5G is also being driven by the inadequacies of the 4G transmission scheme, which is approaching unsustainability faster than industry experts predicted it would. Once we enter a world where millions of smart machines and IoT devices are deployed and machine software is talking to other machine software, and people are talking to machines more than to one another, the end-to-end dynamic of service delivery changes. 4G was not built for these changes and cannot keep up. 5G is a must. And time is running out.
5G will constitute an overhaul of communications infrastructure that could end up being the biggest in history. Once complete, the 5G transition plan will establish more sustainable business models for CSPs.
That’s all well and good, but no matter how operators decide to deploy and “slice” their 5G network, they still need to manage it. And the complexity of managing 5G service is going to make 4G look like a piece of cake!
With Flexibility Comes Complexity
Networks by the Slice
“Network Slicing” is the name given to the 5G architecture in which the physical network is carved up into many logical instances of a single network infrastructure. Each slice constitutes a logically independent network and compute resources that are able to meet diversified service requirements and to support a theoretically unlimited variety of application scenarios.
For example, a network slice could be dedicated to each enterprise on the network, with full ability for customers to control and manage their own slice. Or it could be used to divide classes of internal network functions, such as separating enhanced mobile broadband services (eMBB) which rely on mmWave antennas, from M2M and IoT communications which may only need narrow signaling services, and from communications where ultra-reliable and low-latency communications (URLLC) are critical.
While 3GPP has defined slicing for end-user communication to the core (user plane and data plane), there is no such clarity in the transport layer and no single standard (OTN, FlexE, WDM, L3-VPN, etc.) for doing it. It’s all up in the air, including exactly what route each network slice would take through the logical infrastructure. Tier-1 telecom operate will likely work with industry partners find viable solution at L1 as it can promise true slice isolation.
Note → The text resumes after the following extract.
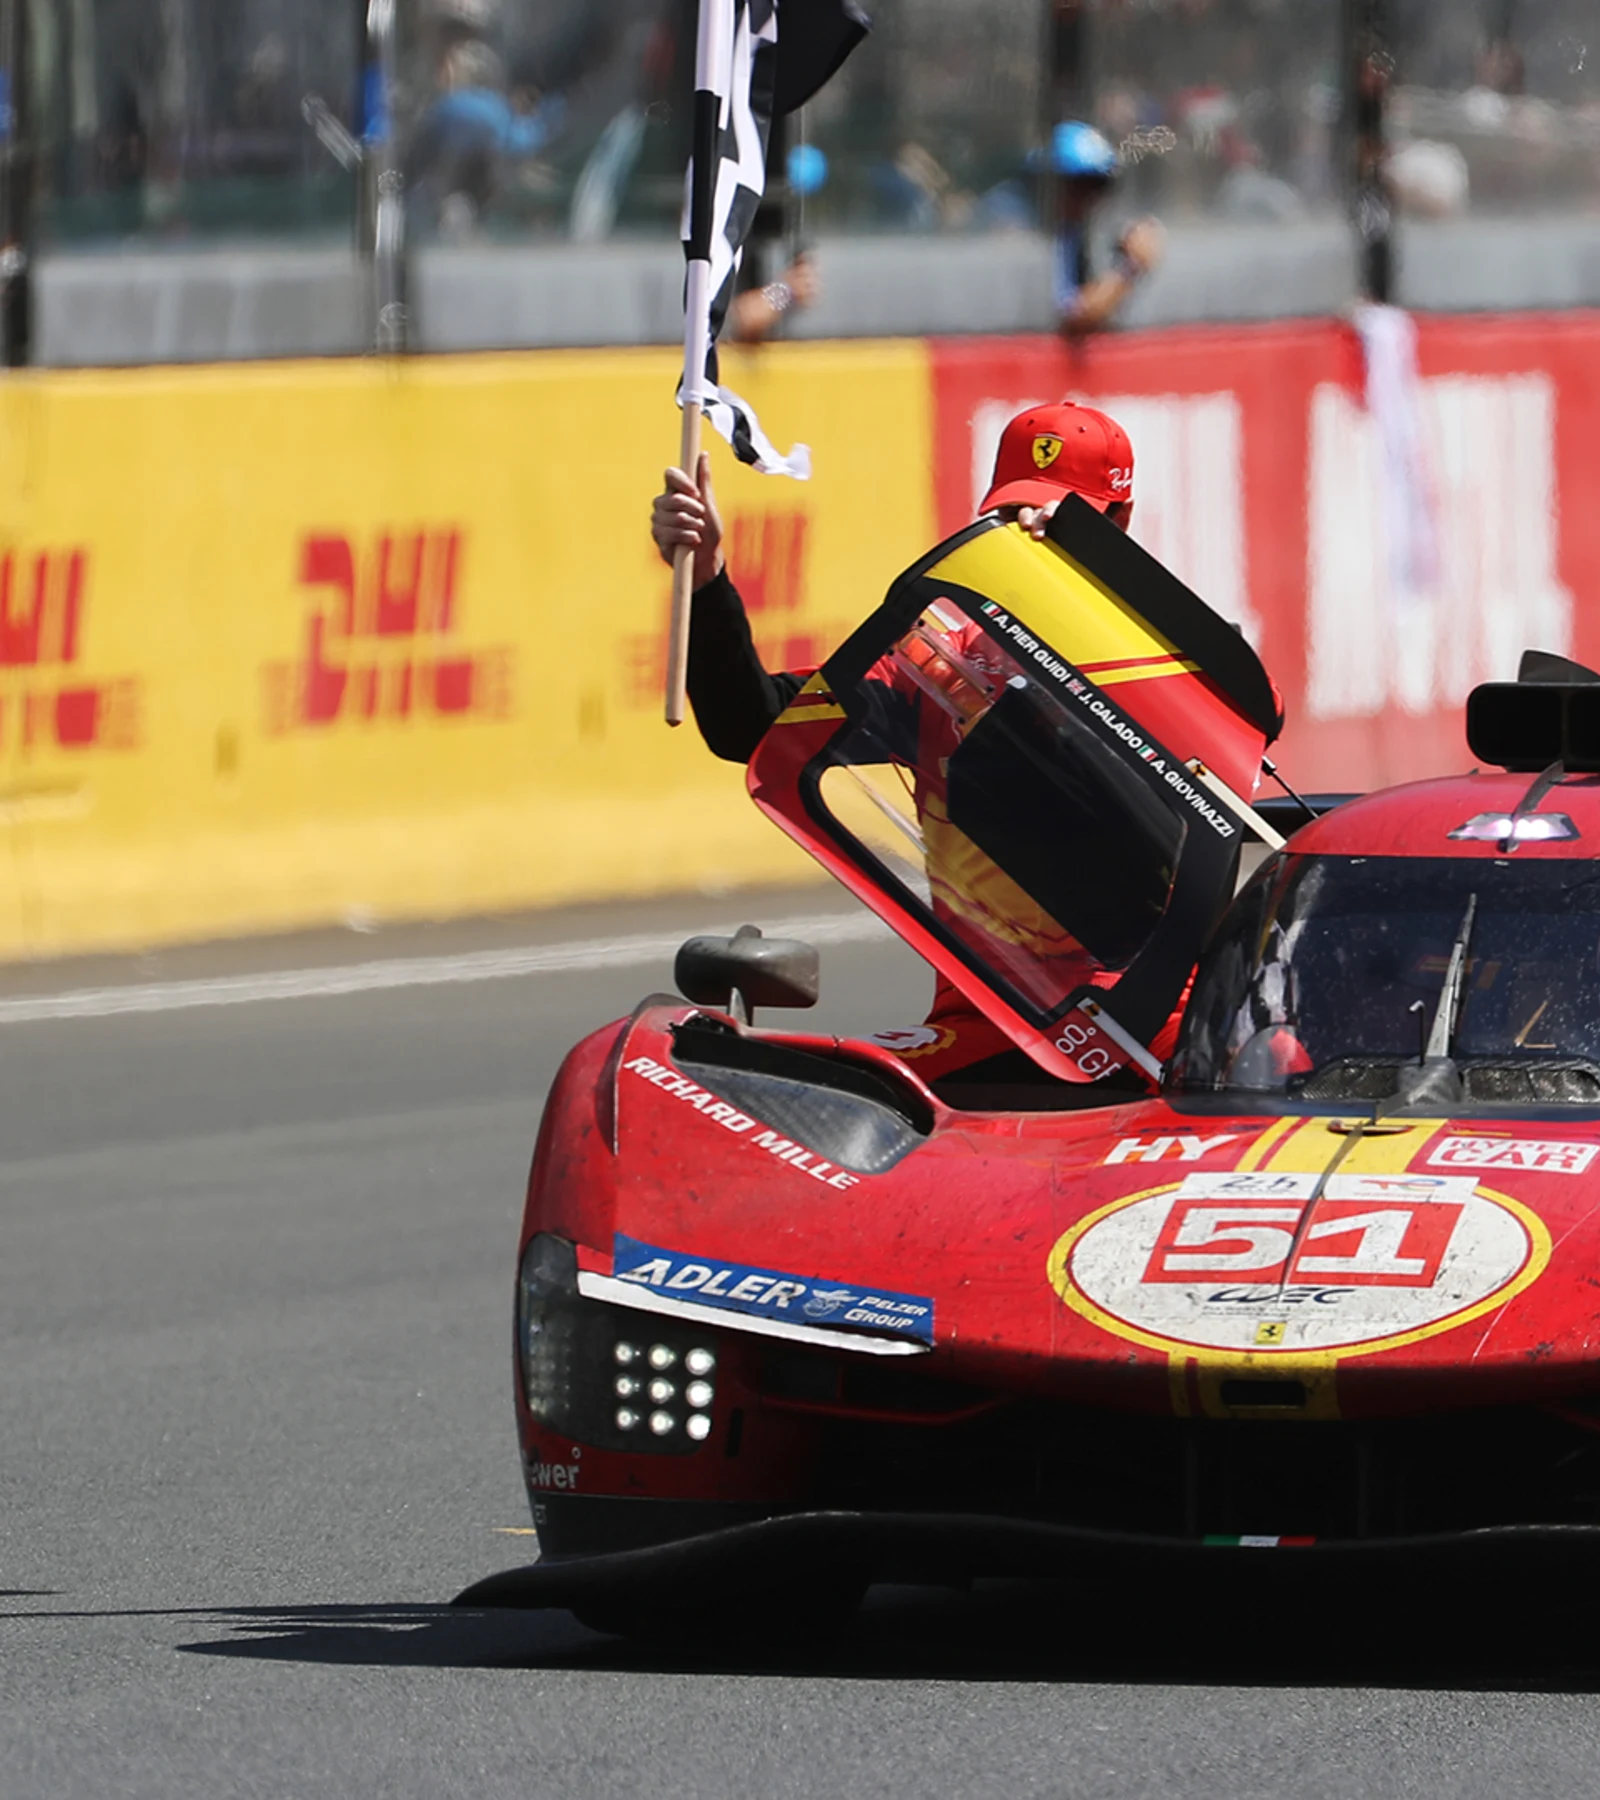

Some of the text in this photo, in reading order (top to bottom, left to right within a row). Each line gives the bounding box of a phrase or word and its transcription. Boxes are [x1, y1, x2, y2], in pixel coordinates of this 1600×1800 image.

The focus of the eMBB use case in the initial phase of 5G promotes less isolated, yet available, L3 solutions which, when using it with segment-routing, can increase control and SLA.
From Single Path to Full Mesh
No matter how you slice it, the key to managing, controlling and automating 5G services will rely on operators being able to see and control everything that is happening in each network slice, and across the entire network. This requires both current-state knowledge and the ability to predict the end-to-end resources used by each slice and by user-plane or data-plane components of the distributed EPCs (evolved packet core).
When “core services” are distributed across the network toward the edge, they are closer to the action and better able to respond quickly to requests. Instead of hauling every transaction back to a centralized core for authentication and processing (which is how it works in 4G) 5G will provide critical services closer to or within each network slice. The goal is to lower latency – dramatically. For example, end-to-end latency of 1 millisecond or less is needed for self-driving cars or autonomous robots, where decision time for reacting to a possible accident must be instantaneous.
If 5G is to live up to its promise of “one network for all occasions” operators also need to analyze and optimize traffic and connectivity both on the user plane and the data plane, potentially within every slice. The complexity of slicing and core distribution can be mind-boggling.
- Slices are network resources that can be reserved for a specific use case (e.g. IoT, eMBB), and the route it takes through radio, transport, cloud, and core infrastructure
- A use case may have several mobile core components in EPCs (evolved packet core) at the edge
- The former mobile backhaul transport connection is now a group of segmented connections between different functions in a slice.
Turning the Promise of 5G into Reality
To successfully manage these and other 5G complexities, operators must have a multi-layer, cross topology view of the network slices (user and data plane) and a centralized controller that can automate service creation and orchestrate service delivery routes through the distributed network infrastructure.
The best and most efficient way to do this is by abstracting the underlying network and service routes into an all-encompassing model of the network that can be viewed, searched and manipulated at any level. To this end, Sedona NetFusion employs patented automated discovery techniques to map network topology, slices, traffic, services, connections, and resources, into a live network model that shows everything in the network and on the network, and how it is performing. Since communication between the now distributed core services is crucial for service delivery, operators must be able to identify and predict potential problems, risks and vulnerabilities in real-time before they impact customers and services.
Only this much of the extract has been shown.